PROBLEM STATEMENT:
Exclude images, then output the remaining data verbatim.

AVAILABLE RECORDS:
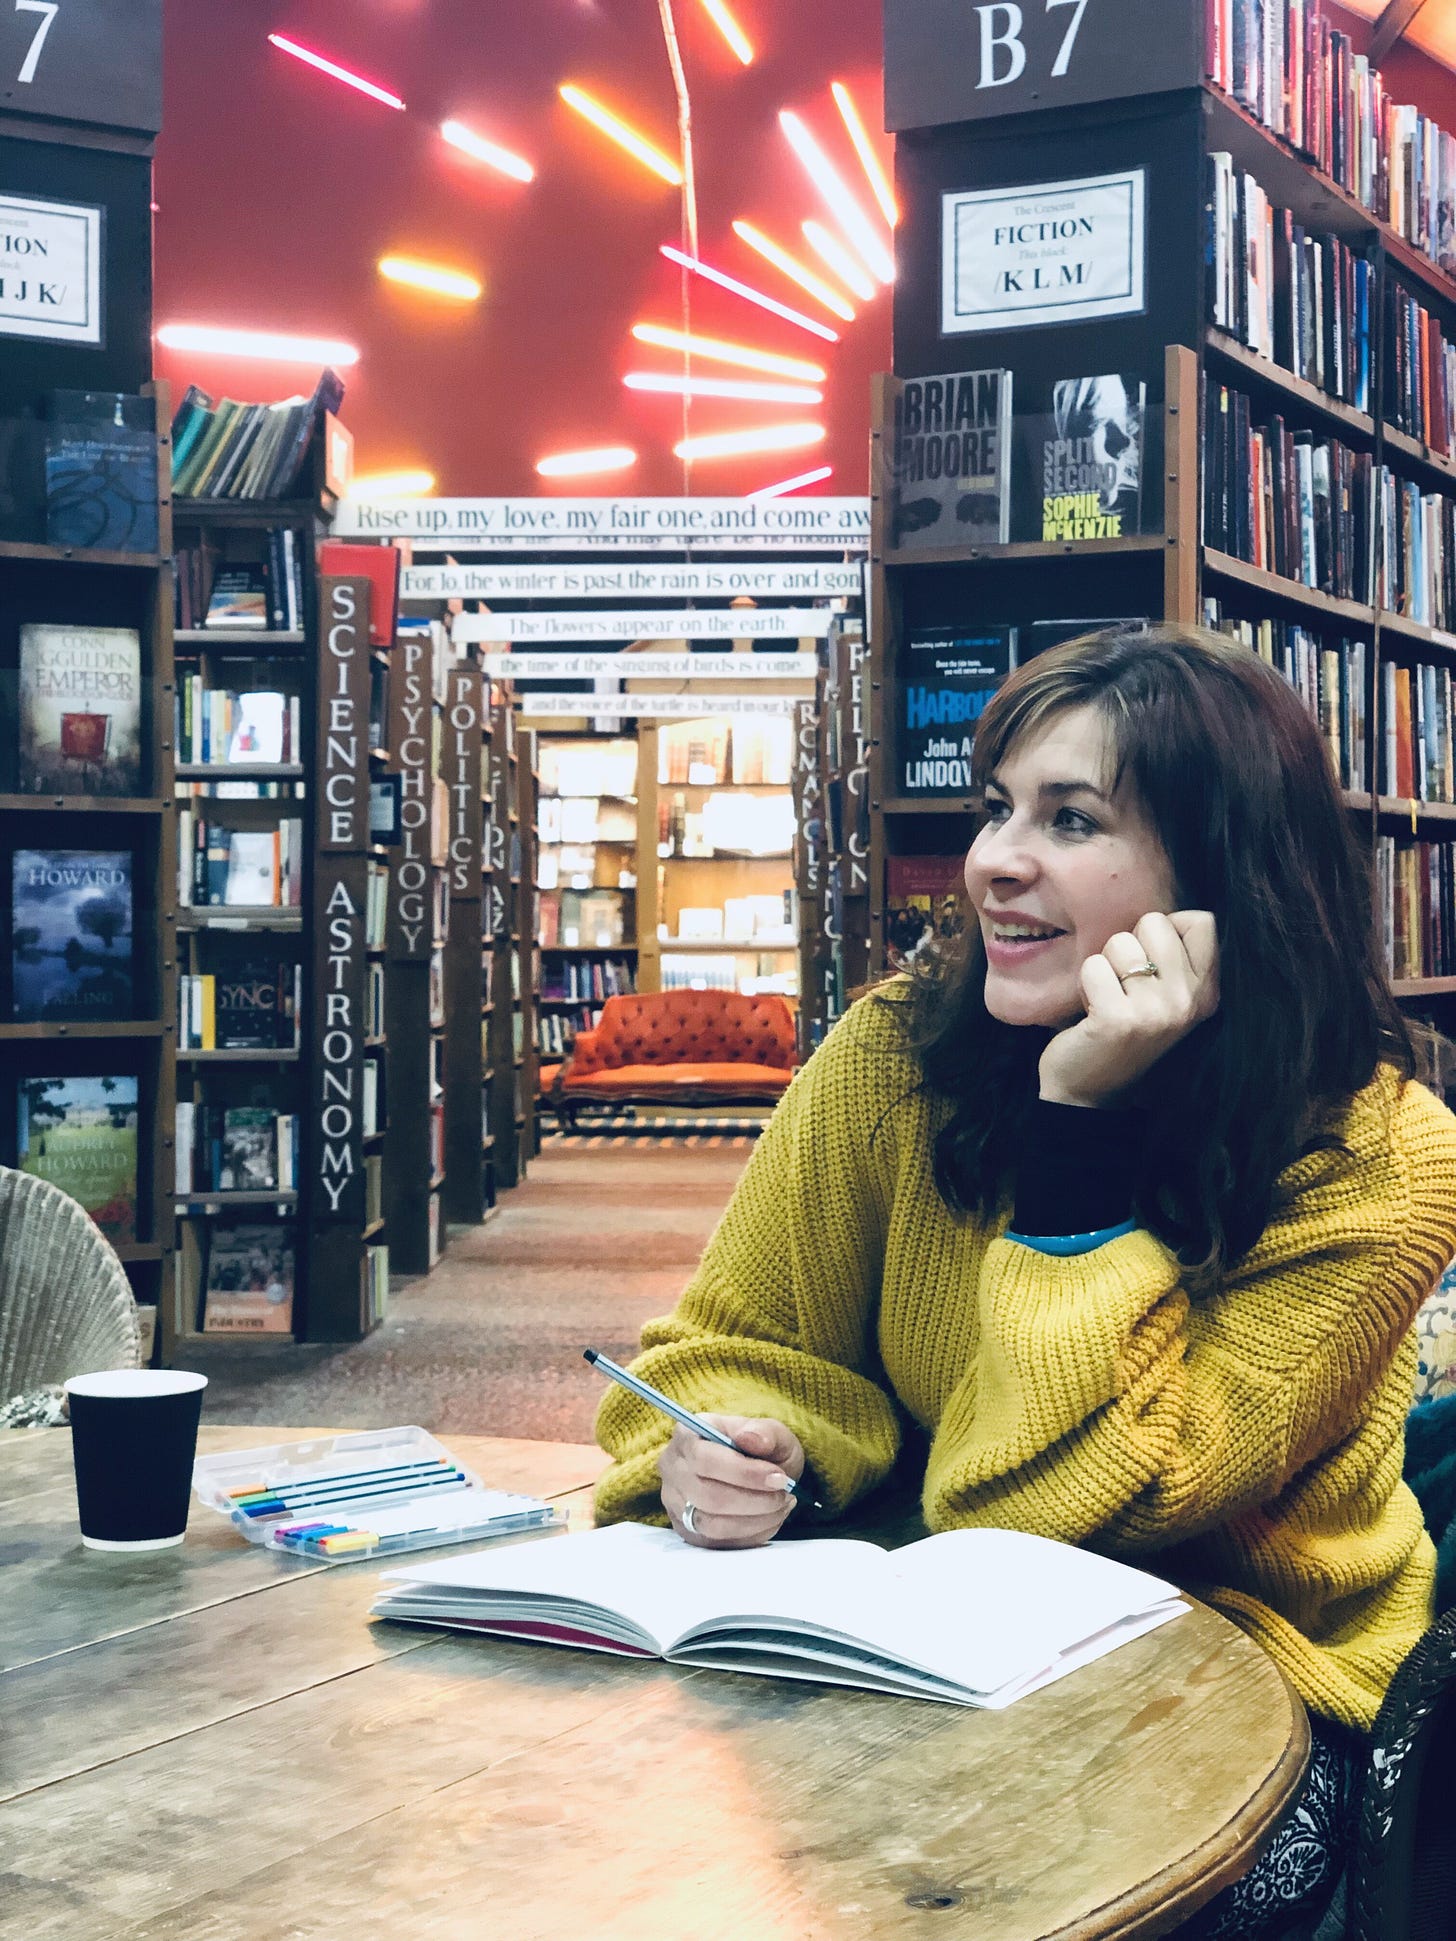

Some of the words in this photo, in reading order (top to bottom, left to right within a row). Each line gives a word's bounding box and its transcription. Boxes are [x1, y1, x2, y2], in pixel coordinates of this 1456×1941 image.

[15, 0, 59, 83] 7
[973, 3, 1026, 89] B
[1045, 0, 1089, 77] 7
[1, 234, 48, 257] ION
[994, 216, 1095, 246] FICTION
[904, 373, 998, 435] BRIAN
[901, 429, 996, 483] MOORE
[1044, 437, 1096, 467] SPLIT
[1044, 462, 1117, 494] SECOND
[357, 504, 408, 529] Rise
[457, 509, 494, 533] my
[567, 509, 602, 533] my
[611, 504, 651, 529] fair
[711, 503, 756, 529] and
[763, 509, 831, 529] come
[839, 509, 871, 528] aw
[1043, 493, 1100, 521] SOPHIE
[465, 570, 494, 591] the
[499, 571, 557, 591] winter
[564, 570, 580, 590] is
[628, 569, 657, 589] the
[660, 569, 699, 589] rain
[706, 569, 723, 589] is
[729, 572, 777, 588] over
[783, 568, 819, 589] and
[824, 572, 860, 591] gon
[510, 617, 539, 635] The
[545, 617, 607, 635] flowers
[612, 617, 675, 637] appear
[680, 619, 702, 633] on
[708, 615, 736, 632] the
[62, 636, 107, 649] CONN
[35, 668, 133, 690] EMPEROR
[501, 658, 523, 673] the
[527, 658, 559, 673] time
[565, 657, 580, 672] of
[584, 657, 609, 673] the
[675, 656, 690, 672] of
[694, 657, 735, 673] birds
[739, 658, 753, 672] is
[326, 585, 357, 843] SCIENCE
[923, 737, 958, 758] John
[960, 736, 976, 757] A
[451, 677, 476, 891] POLITICS
[905, 760, 972, 788] LINDQV
[399, 644, 427, 953] PSYCHOLOGY
[29, 868, 126, 887] HOWARD
[320, 880, 355, 1211] ASTRONOMY
[37, 1152, 128, 1173] HOWARD
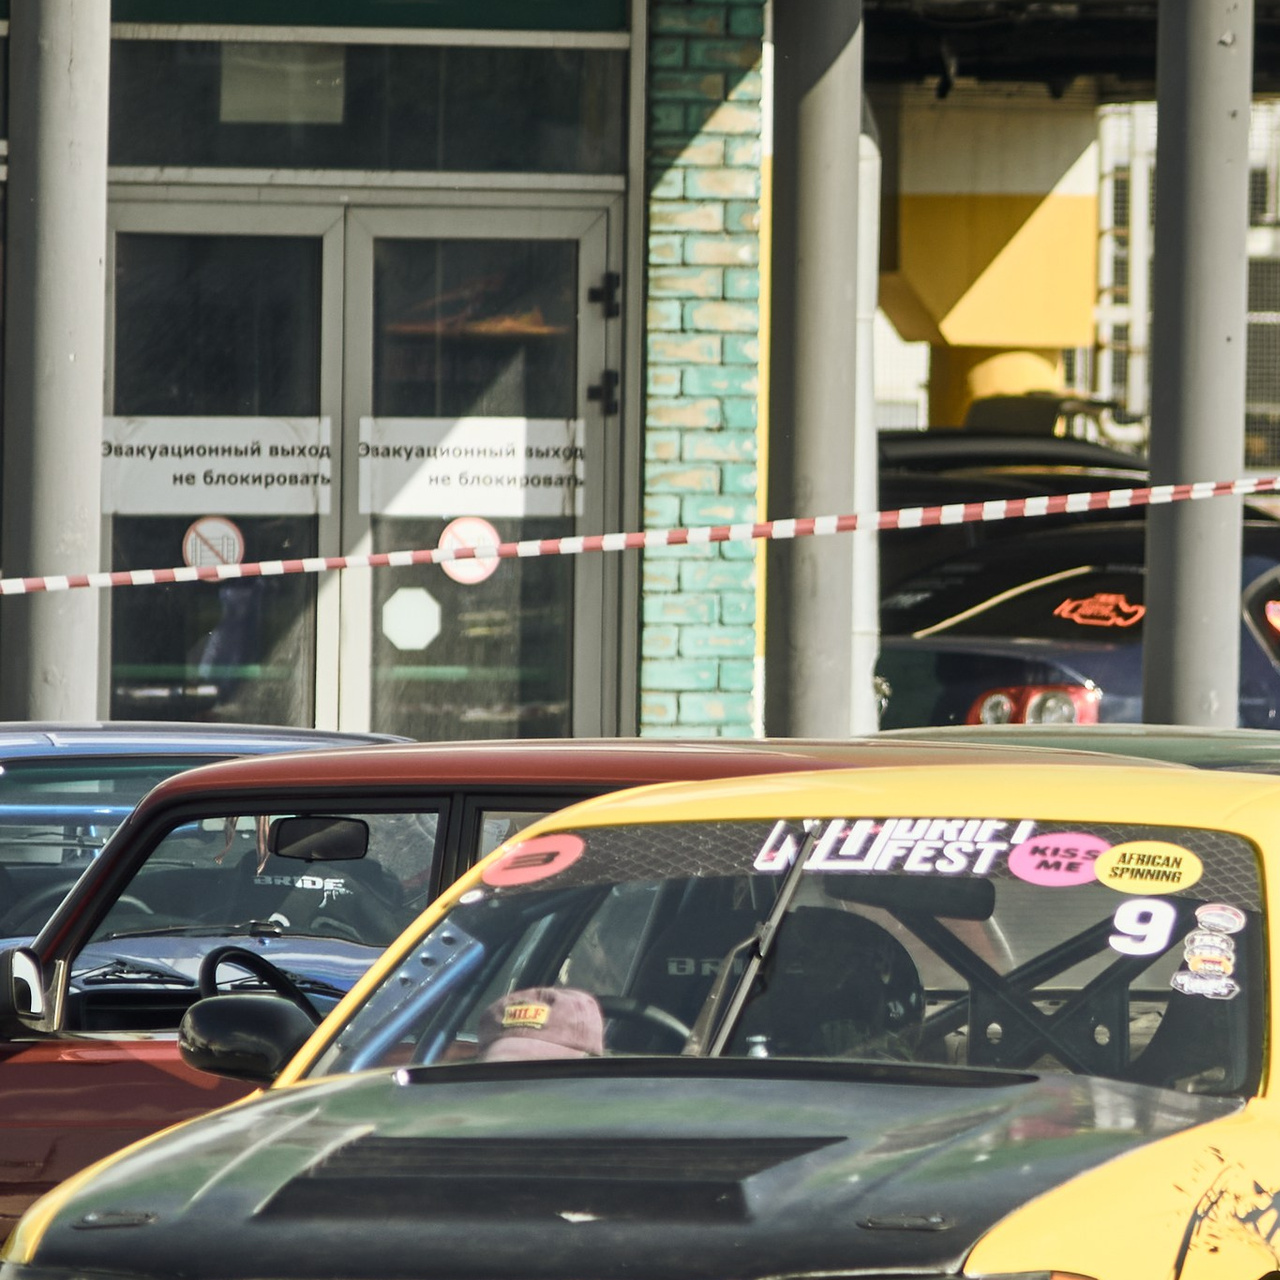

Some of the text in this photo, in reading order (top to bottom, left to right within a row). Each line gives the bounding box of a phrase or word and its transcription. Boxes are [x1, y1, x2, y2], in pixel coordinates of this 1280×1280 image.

[101, 440, 331, 460] Эвакуационный выход
[358, 441, 585, 462] Эвакуационный выход
[172, 469, 331, 489] не блокировать
[428, 471, 585, 489] не блокировать
[873, 840, 1009, 873] FEST
[1030, 846, 1103, 860] KISS
[1118, 852, 1183, 869] AFRICAN
[1035, 859, 1084, 872] ME
[253, 875, 345, 891] BRIDE
[1109, 867, 1182, 883] SPINNING
[1108, 898, 1177, 956] 9

WRITTEN REPLY:
Some of the words in this photo, in reading order (top to bottom, left to right within a row). Each line gives a word's bounding box and its transcription. Boxes are [x1, y1, x2, y2], in pixel coordinates of this 1456×1941 image.

[15, 0, 59, 83] 7
[973, 3, 1026, 89] B
[1045, 0, 1089, 77] 7
[1, 234, 48, 257] ION
[994, 216, 1095, 246] FICTION
[904, 373, 998, 435] BRIAN
[901, 429, 996, 483] MOORE
[1044, 437, 1096, 467] SPLIT
[1044, 462, 1117, 494] SECOND
[357, 504, 408, 529] Rise
[457, 509, 494, 533] my
[567, 509, 602, 533] my
[611, 504, 651, 529] fair
[711, 503, 756, 529] and
[763, 509, 831, 529] come
[839, 509, 871, 528] aw
[1043, 493, 1100, 521] SOPHIE
[465, 570, 494, 591] the
[499, 571, 557, 591] winter
[564, 570, 580, 590] is
[628, 569, 657, 589] the
[660, 569, 699, 589] rain
[706, 569, 723, 589] is
[729, 572, 777, 588] over
[783, 568, 819, 589] and
[824, 572, 860, 591] gon
[510, 617, 539, 635] The
[545, 617, 607, 635] flowers
[612, 617, 675, 637] appear
[680, 619, 702, 633] on
[708, 615, 736, 632] the
[62, 636, 107, 649] CONN
[35, 668, 133, 690] EMPEROR
[501, 658, 523, 673] the
[527, 658, 559, 673] time
[565, 657, 580, 672] of
[584, 657, 609, 673] the
[675, 656, 690, 672] of
[694, 657, 735, 673] birds
[739, 658, 753, 672] is
[326, 585, 357, 843] SCIENCE
[923, 737, 958, 758] John
[960, 736, 976, 757] A
[451, 677, 476, 891] POLITICS
[905, 760, 972, 788] LINDQV
[399, 644, 427, 953] PSYCHOLOGY
[29, 868, 126, 887] HOWARD
[320, 880, 355, 1211] ASTRONOMY
[37, 1152, 128, 1173] HOWARD

Some of the text in this photo, in reading order (top to bottom, left to right within a row). Each line gives the bounding box of a phrase or word and its transcription. Boxes are [x1, y1, x2, y2], in pixel coordinates of this 1280×1280 image.

[101, 440, 331, 460] Эвакуационный выход
[358, 441, 585, 462] Эвакуационный выход
[172, 469, 331, 489] не блокировать
[428, 471, 585, 489] не блокировать
[873, 840, 1009, 873] FEST
[1030, 846, 1103, 860] KISS
[1118, 852, 1183, 869] AFRICAN
[1035, 859, 1084, 872] ME
[253, 875, 345, 891] BRIDE
[1109, 867, 1182, 883] SPINNING
[1108, 898, 1177, 956] 9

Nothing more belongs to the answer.